A ação prende figuras centrais no alto escalão do Master, entre elas Daniel Bueno Vorcaro — presidente do banco — e outros executivos. A PF investiga vários crimes, como emissão de títulos de crédito falsos, gestão fraudulenta e organização criminosa.
Além dos bens de luxo citados, foi encontrada uma quantia em dinheiro vivo de R$ 2 milhões, obras de arte correspondentes a R$ 12,4 milhões, relógios avaliados em mais de R$ 6 milhões e joias que somam R$ 380 mil, segundo a PF.
A operação também mira no BRB (Banco de Brasília). O presidente do banco foi afastado após a revelação de que parte dos recursos milionários do Master pode ter sido “repassada” em operações duvidosas entre as instituições financeiras.

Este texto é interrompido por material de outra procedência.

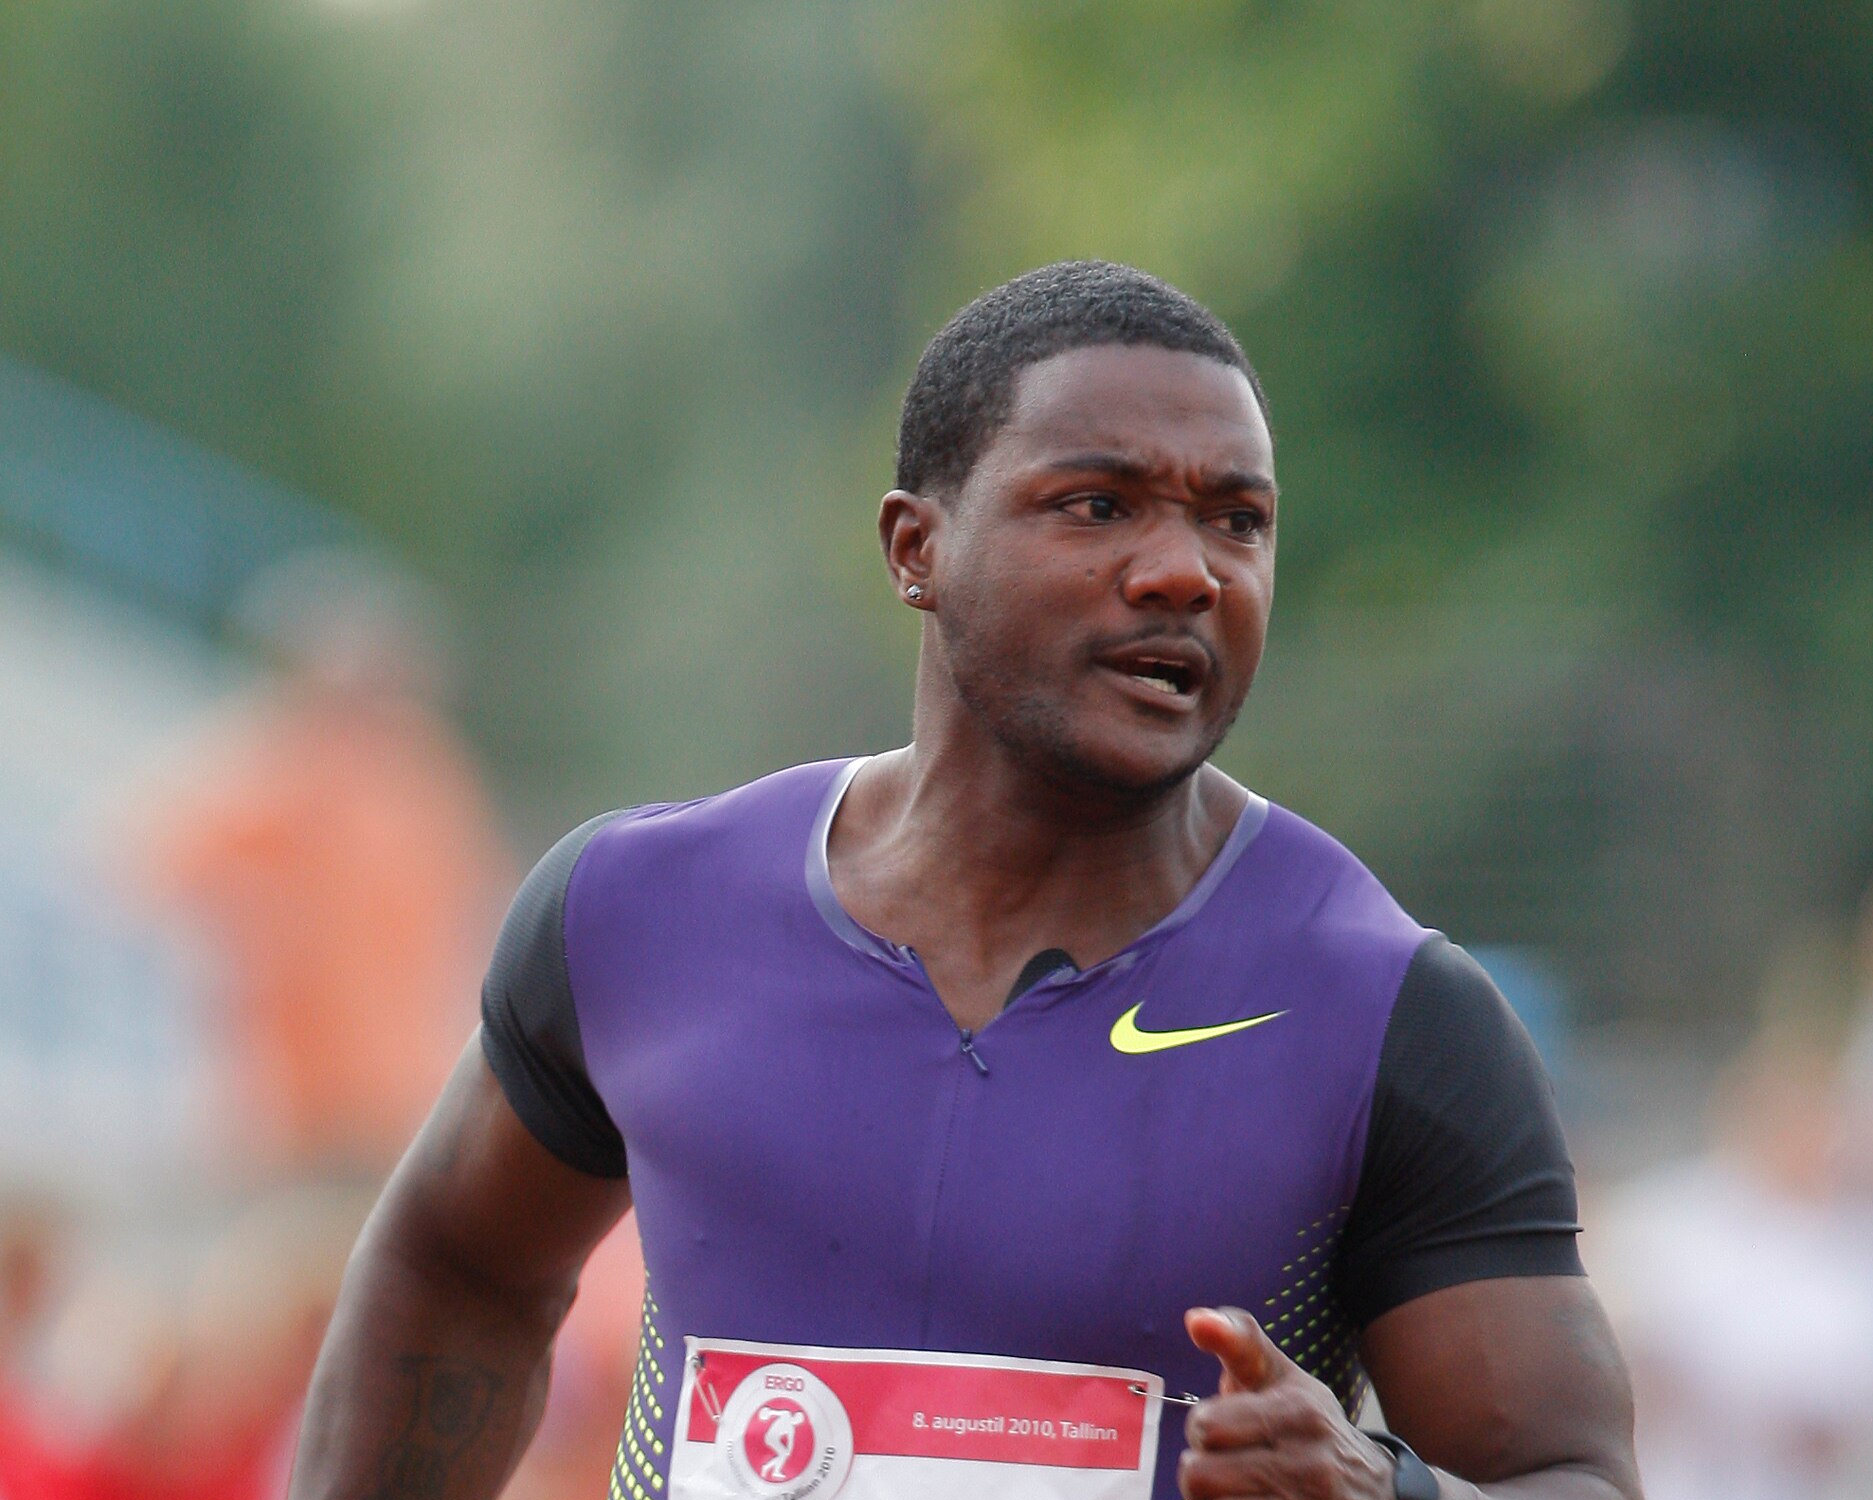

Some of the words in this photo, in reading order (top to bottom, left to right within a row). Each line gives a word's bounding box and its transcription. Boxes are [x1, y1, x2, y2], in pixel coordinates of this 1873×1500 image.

As autoridades apontam para um rombo bilionário: os investigadores estimam que o esquema pode envolver até R$ 12 bilhões em fraudes relacionadas à venda de títulos irregulares e à inflagem artificial de ativos, segundo o diretor da PF, Andrei Rodrigues.
A apreensão simbólica e de alto valor mostra como parte do sistema financeiro, longe de ser apenas um problema de “mercado paralelo”, também está sob risco de infiltração criminosa de grande escala — abrindo uma crise regulatória para bancas financeiras de prestígio e levantando graves questões sobre a solidez das instituições envolvidas.